Garrett says nothing, but I know for sure it has been made multiple time with success.What does it say about repairs in the Garret Maintenance manual.
If allowed it will give you a procedure, including materials to use if not you are letting yourself in for a lot of hurt if it goes pear shaped
Yes, I'd need to weld a flange on a cars' Garrett turbine housing, exhaust side.
Distortion won't be an issue, as the flange is thicker than necessary to have room for a skim.
Would a 304SS flange be ok?
Based on the max housing temperature given by Garret for their G-series turbos, and the service conditions expected, a high temperature corrosion resistant steel would be typical.
Sources online vary, in suggesting either 321 Grade Austensic, or a Duplex steel with a composition similar to X2CrNiMoCuWN25-7-4 (S32760) is used.
Given how hot turbos can get (especially on the exhaust side) and the extensive exposure to vibration, I personally wouldn't want to weld Austensic to Duplex in this application, as welds of that type are characterised by embrittlement of the HAZ unless welded with a procedure designed to ensure the correct α/γ ratio, excessive austenite formation in the HAZ will give rise to a vastly increased risk of fatigue related failure.
Given that using a 321 flange on a duplex casting, or a S32760 flange on a 321 casting would both give rise to that failure mode...
The ideal approach would be:
- to find the grade of steel for the flange which most closely matches the original casting,
- pick a filler which will minimise the dilution of the parent metal, (for instance MasterWeld 2594 Super Duplex, if you were using S32760 steel)
- design the joint to minimise the amount of weld metal required.
If you have a large Scrap Merchant near you, they may be willing (for a fee, or perhaps a round of butties) to ID the steel composition in the turbo housing with an XRF gun, so you can look up the right materials.

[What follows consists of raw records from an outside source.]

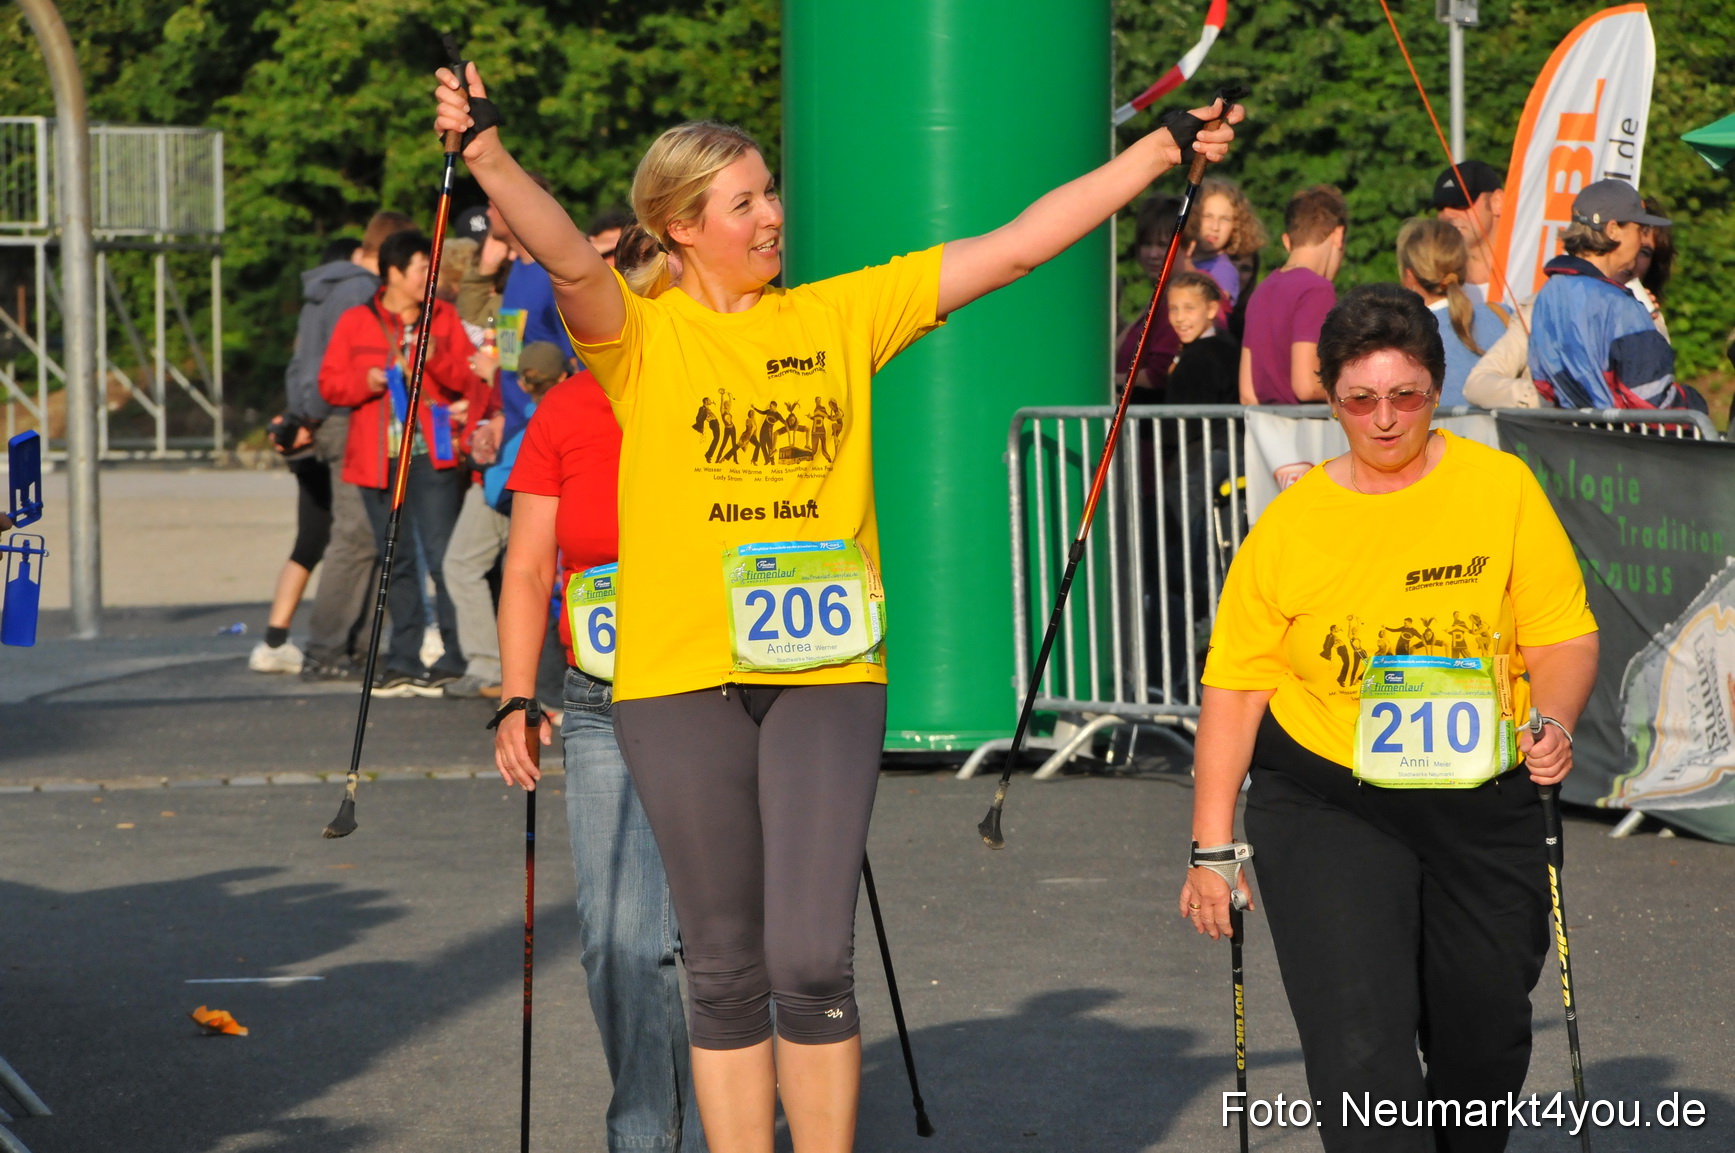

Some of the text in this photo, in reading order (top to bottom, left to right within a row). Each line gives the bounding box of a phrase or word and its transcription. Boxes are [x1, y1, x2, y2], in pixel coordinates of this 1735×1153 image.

[766, 356, 814, 375] swn
[1516, 443, 1640, 514] kologie
[708, 499, 819, 522] Alles läuft
[1618, 515, 1724, 555] Tradition
[746, 568, 796, 581] firmenlauf
[1405, 564, 1463, 586] swn
[1405, 577, 1478, 592] stadtwerke neumarkt
[745, 584, 852, 641] 206
[767, 643, 838, 654] Andrea Werner
[777, 655, 805, 663] Stadtwerke
[1375, 682, 1424, 692] firmenlauf
[1371, 701, 1480, 753] 210
[1400, 756, 1430, 767] Anni
[1548, 863, 1569, 970] nordic

If that's not an option, then whilst there's very little info on spark testing of duplex stainless, you could work with the fact that Austensic grades tend to produce relatively few reddish sparks with minimal forking, whilst Feritic grades produce more and whiter sparks (again with minimal forking).

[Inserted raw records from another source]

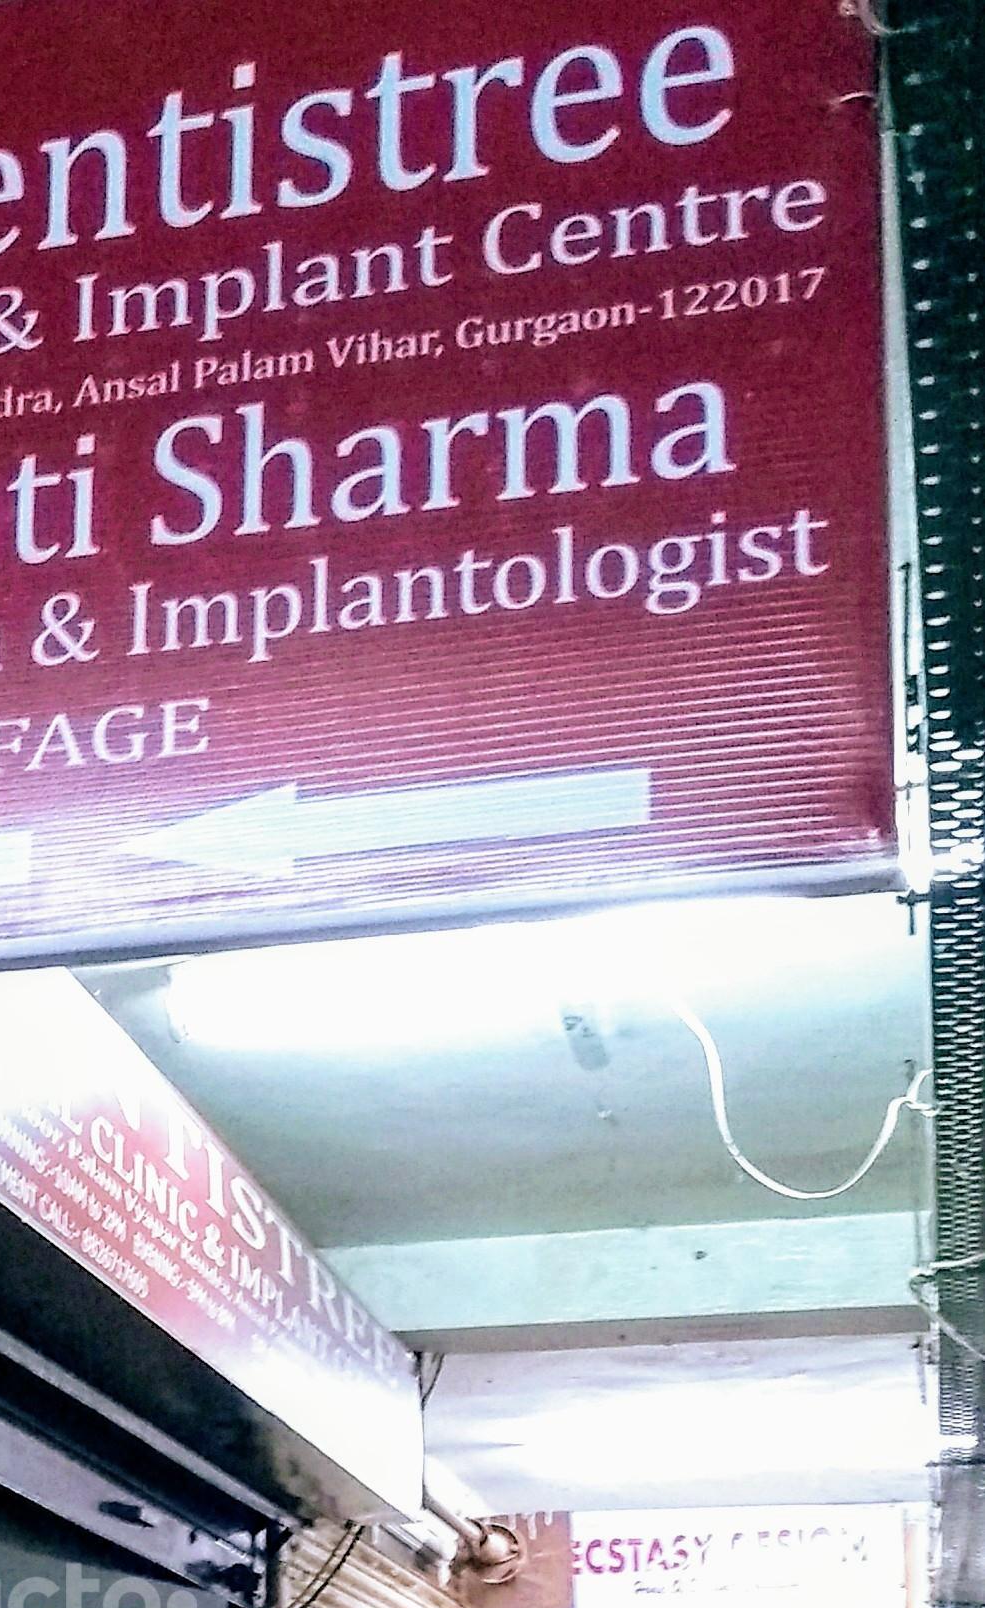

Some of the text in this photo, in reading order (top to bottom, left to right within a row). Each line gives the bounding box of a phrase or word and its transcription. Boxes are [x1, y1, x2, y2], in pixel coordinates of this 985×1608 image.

[72, 229, 455, 344] Implant
[482, 177, 828, 277] Centre
[73, 361, 181, 410] Ansal
[193, 348, 314, 390] Palam
[327, 326, 445, 370] Vihar,
[456, 266, 827, 352] Gurgaon-122017
[151, 379, 734, 551] Sharma
[31, 592, 98, 668] &
[128, 508, 829, 664] Implantologist
[90, 1115, 199, 1243] CLINIC
[202, 1222, 226, 1268] &

So you might be able to tell by comparison to a known piece of 304/316... If you're seeing more, and whiter sparks when grinding then there's probably some ferrite present, indicating it's the duplex.
Obviously if you think it's made from 321 grade, using a 321 flange and filler rod would be best.
If it is made from a duplex steel and you are still going to use Austensic Stainless for the flange then:
- 309 (or indeed 316 or 321) would be better suited than 304 (due to the higher operating temperature, which is close to the Garret Spec), and
- it's critical that you use an appropriate joint design (full penetration only, no fillets) and appropriate duplex or 309Mo filler rod... IMOA has a useful guide for this.
If you're not going to be pushing the turbo to its limits, and don't need it to hold up to daily service over an extended period of time, that's probably an entirely acceptable trade off.